Data:
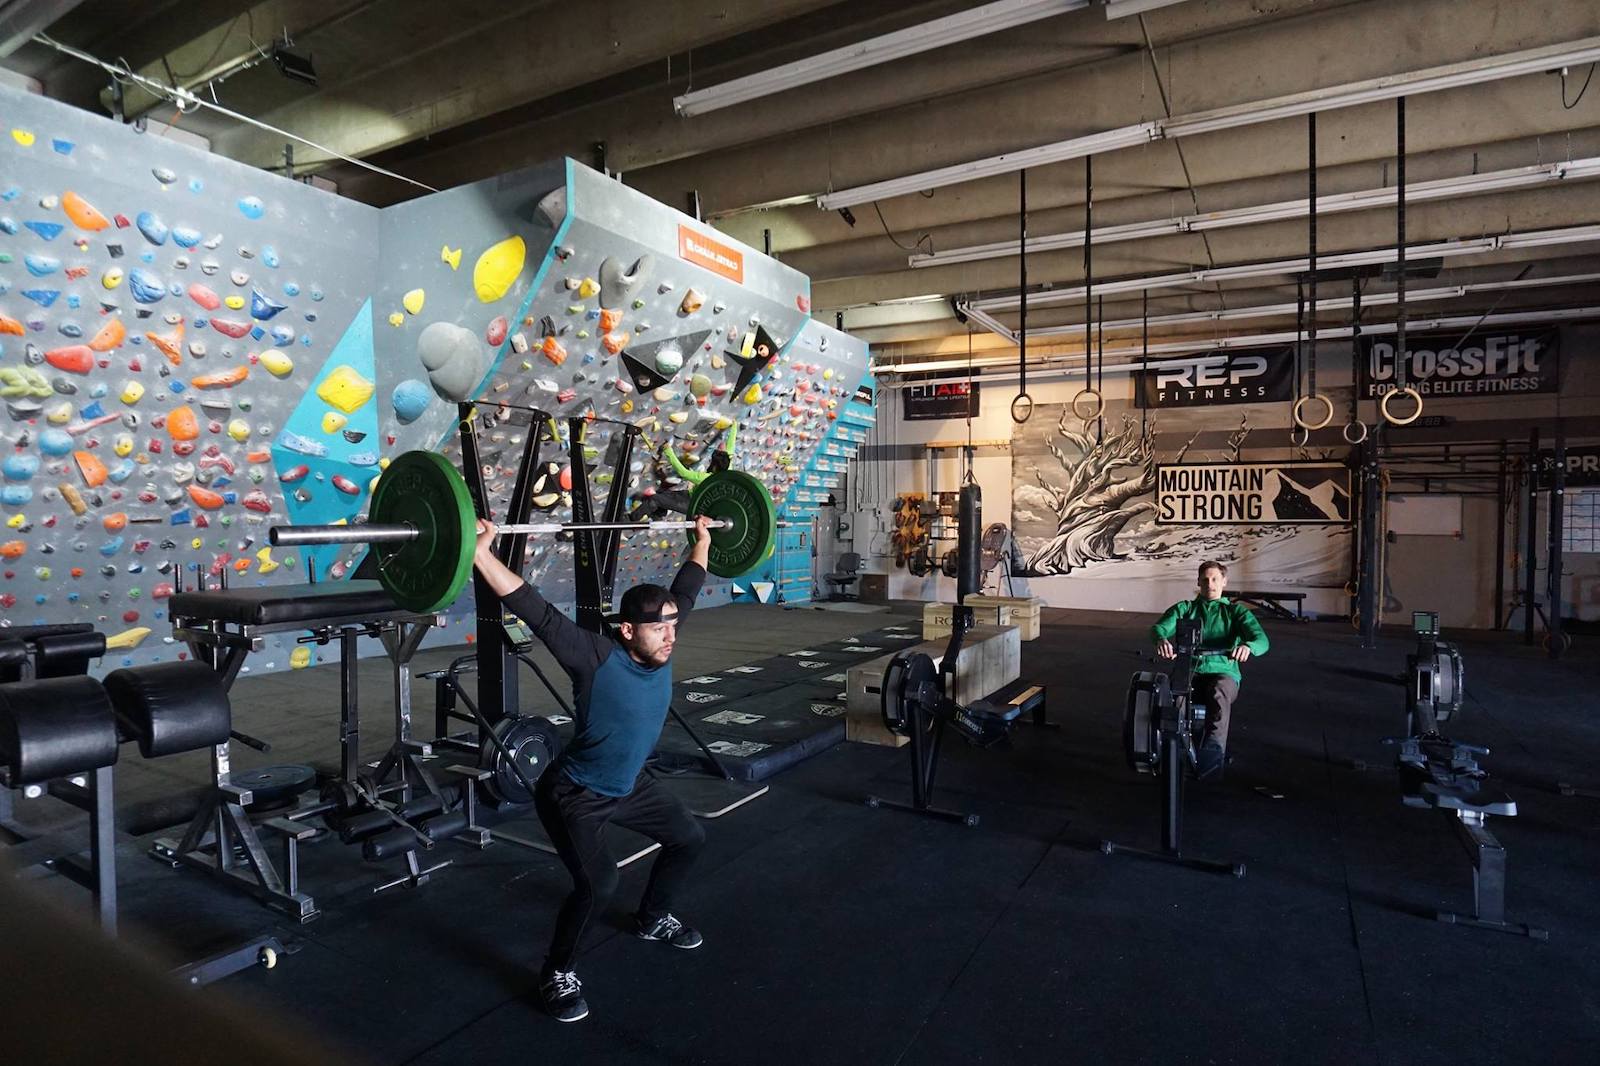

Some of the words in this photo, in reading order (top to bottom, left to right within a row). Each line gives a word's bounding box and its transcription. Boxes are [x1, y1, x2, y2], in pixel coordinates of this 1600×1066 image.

[1157, 356, 1267, 389] REP
[1159, 386, 1265, 401] FITNESS
[1434, 379, 1473, 394] ELITE
[1477, 377, 1539, 392] FITNESS
[1161, 469, 1263, 492] MOUNTAIN
[1161, 494, 1262, 520] STRONG

Description of the task:
Reproduce the listing exactly. Do not include its images.

Answer section:
Some of the words in this photo, in reading order (top to bottom, left to right within a row). Each line gives a word's bounding box and its transcription. Boxes are [x1, y1, x2, y2], in pixel coordinates of this 1600×1066 image.

[1157, 356, 1267, 389] REP
[1159, 386, 1265, 401] FITNESS
[1434, 379, 1473, 394] ELITE
[1477, 377, 1539, 392] FITNESS
[1161, 469, 1263, 492] MOUNTAIN
[1161, 494, 1262, 520] STRONG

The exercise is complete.